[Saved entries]
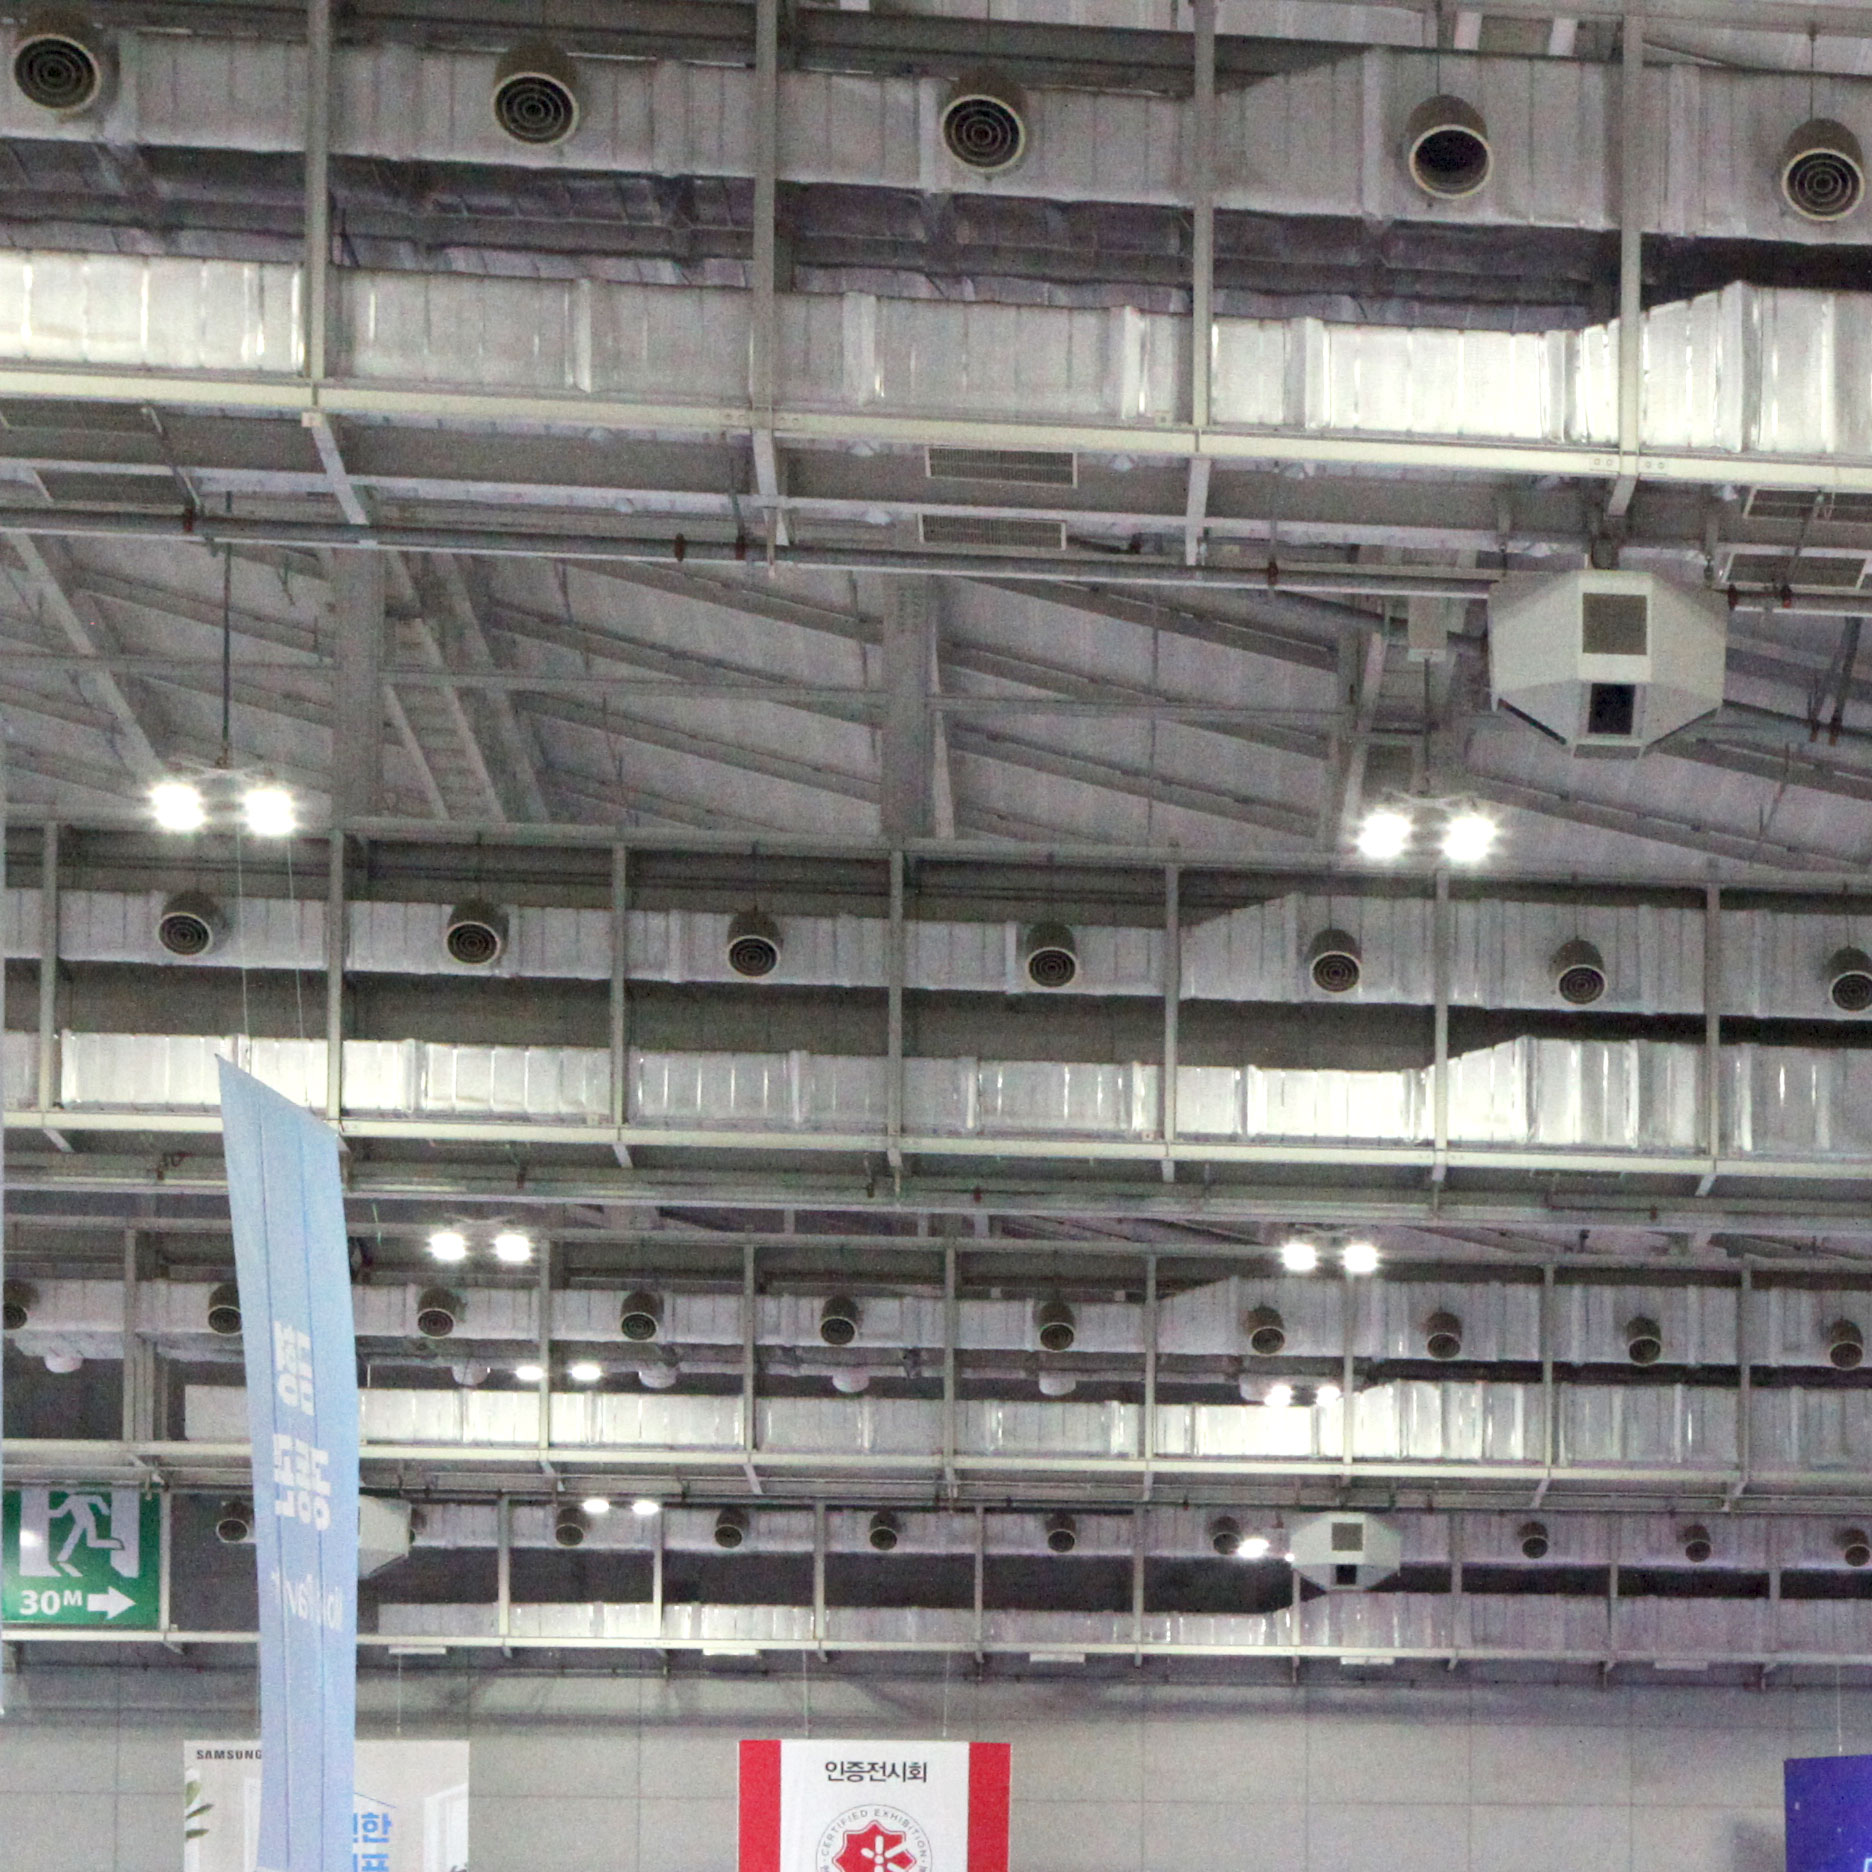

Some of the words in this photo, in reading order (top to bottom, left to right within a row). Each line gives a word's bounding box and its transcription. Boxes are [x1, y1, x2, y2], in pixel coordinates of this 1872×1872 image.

[19, 1589, 83, 1616] 30M
[196, 1749, 262, 1760] SAMSUNG
[825, 1760, 928, 1784] 인증전시회
[821, 1808, 868, 1857] CERTIFIED
[874, 1807, 927, 1858] EXHIBITION
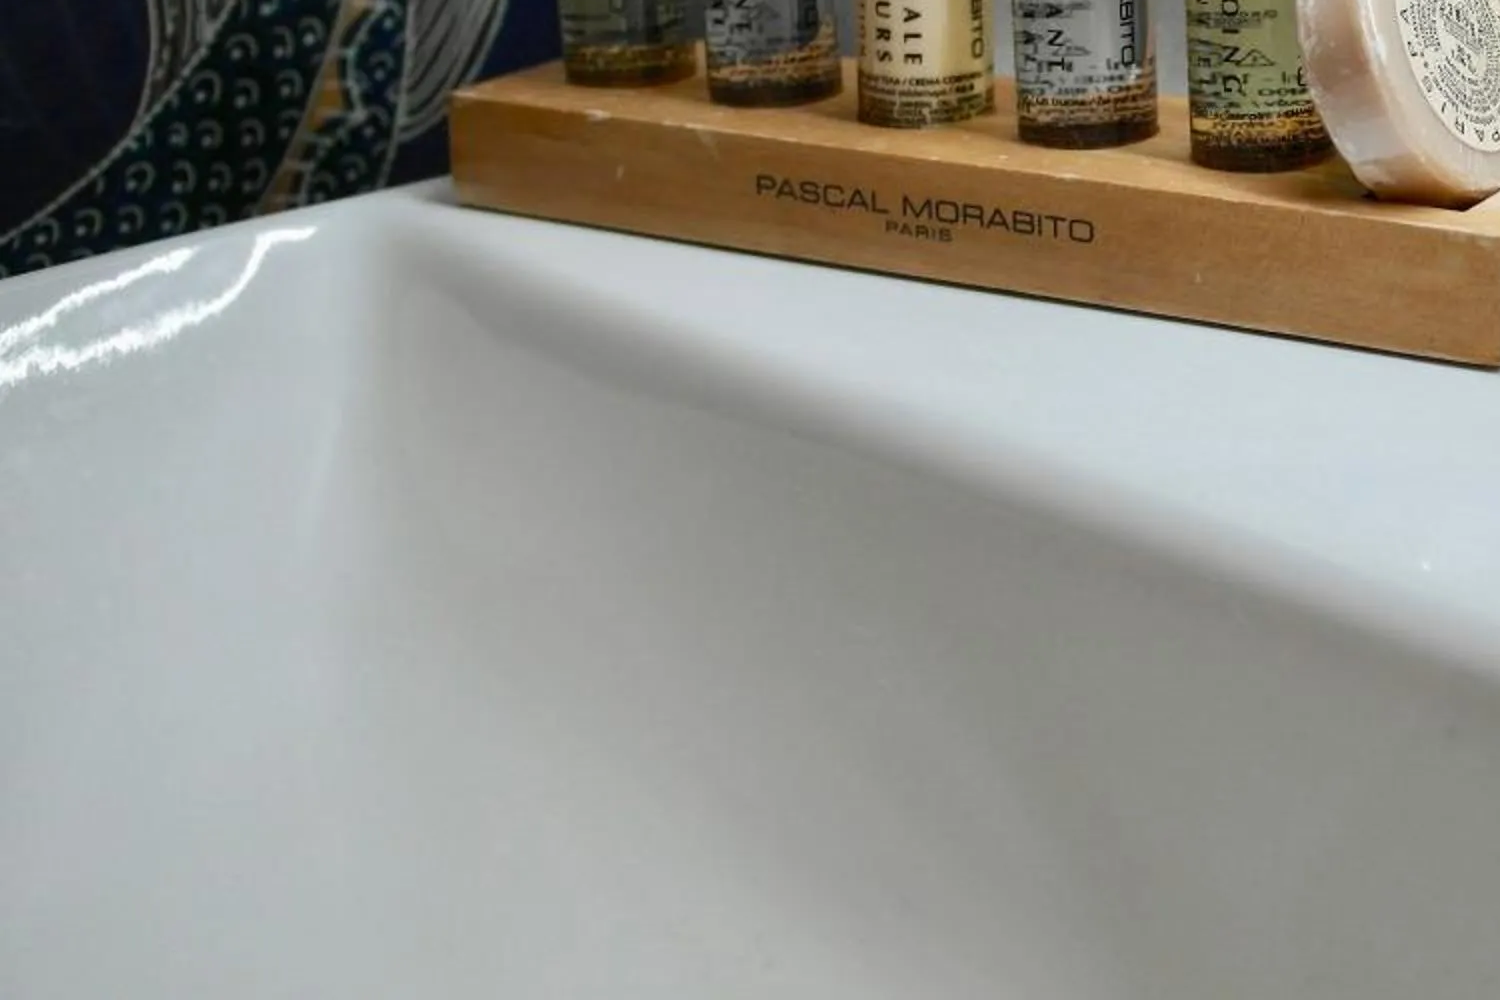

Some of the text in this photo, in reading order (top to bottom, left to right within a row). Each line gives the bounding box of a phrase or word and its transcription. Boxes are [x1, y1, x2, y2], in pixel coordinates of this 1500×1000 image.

[756, 175, 1095, 244] PASCAL MORABITO
[886, 220, 953, 243] PARIS
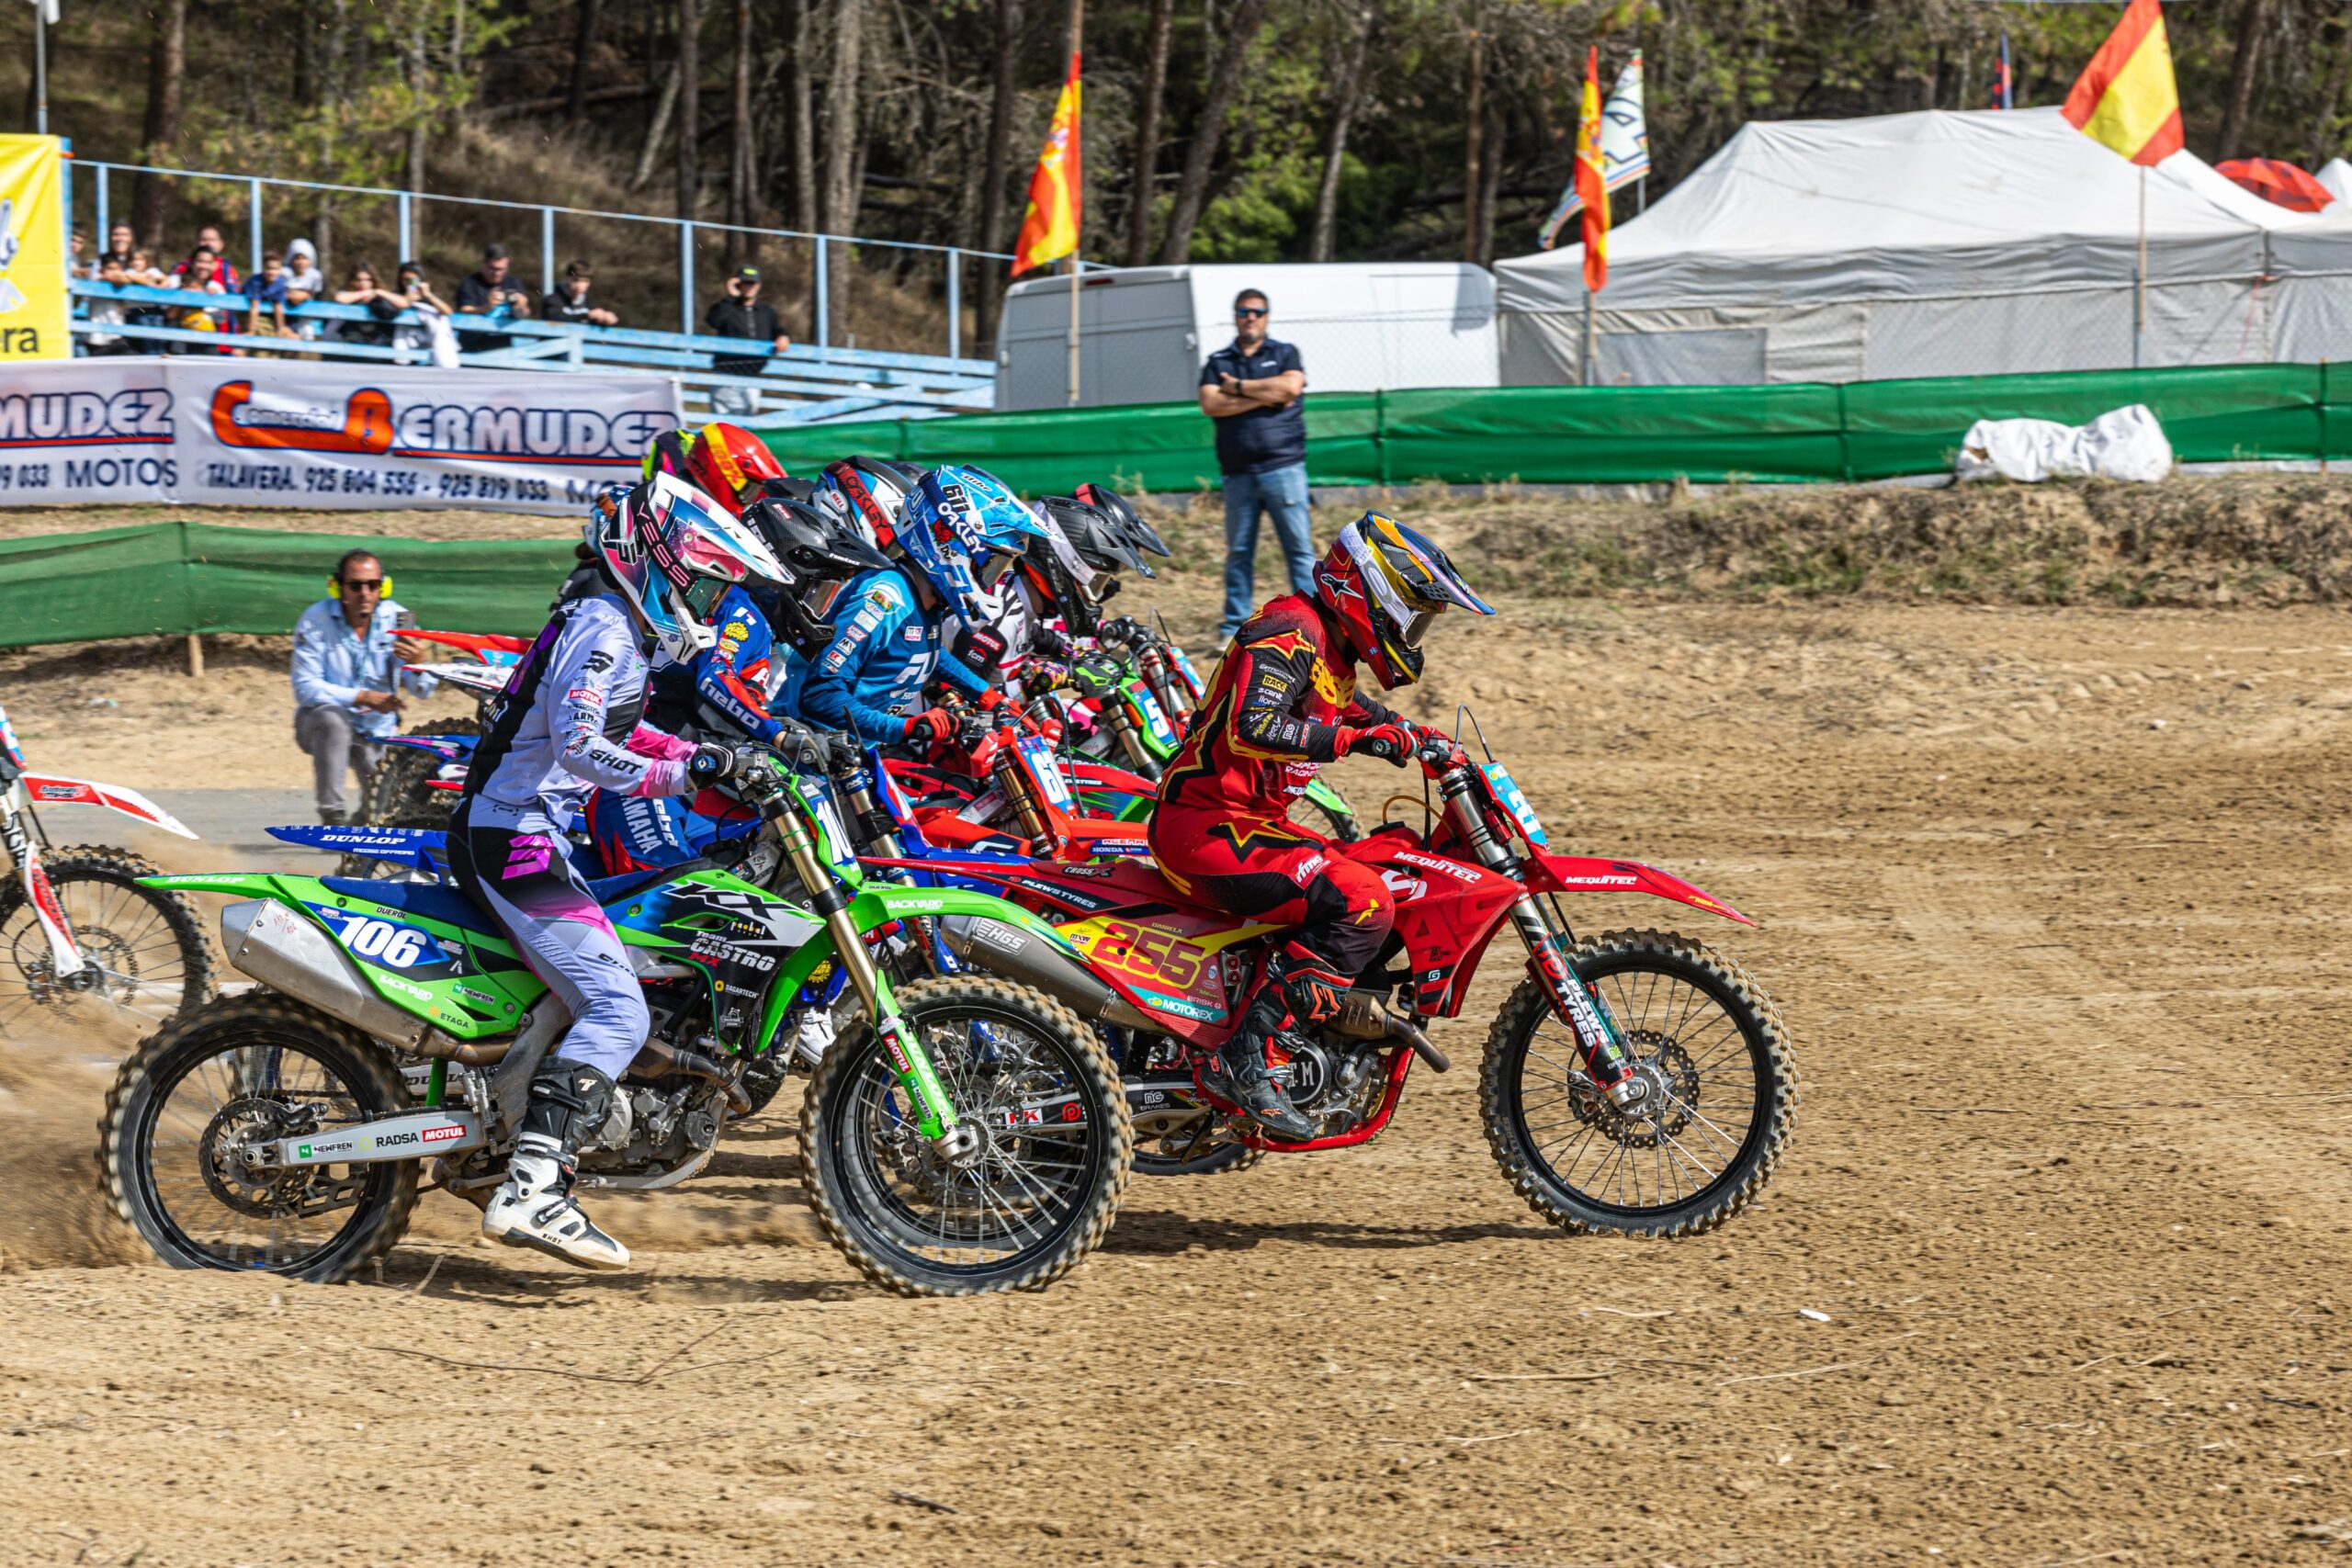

**TASK**
Please set down each line of the data above exactly as written, without the pictures.

**SOLUTION BELOW**
Some of the words in this photo, in reading order (top to bottom, left to right within a row). Each line gives a word's bounding box and its transcription. Boxes are [x1, y1, x2, y2], in pixel coordinates of this 1872×1872 image.

[19, 1589, 83, 1616] 30M
[196, 1749, 262, 1760] SAMSUNG
[825, 1760, 928, 1784] 인증전시회
[821, 1808, 868, 1857] CERTIFIED
[874, 1807, 927, 1858] EXHIBITION

Some of the text in this photo, in reading order (top to bottom, left to right within a row). Each line gives the bounding box of a phrase or word and its transcription. Boxes are [x1, y1, x2, y2], in pixel coordinates of this 1500×1000 image.

[756, 175, 1095, 244] PASCAL MORABITO
[886, 220, 953, 243] PARIS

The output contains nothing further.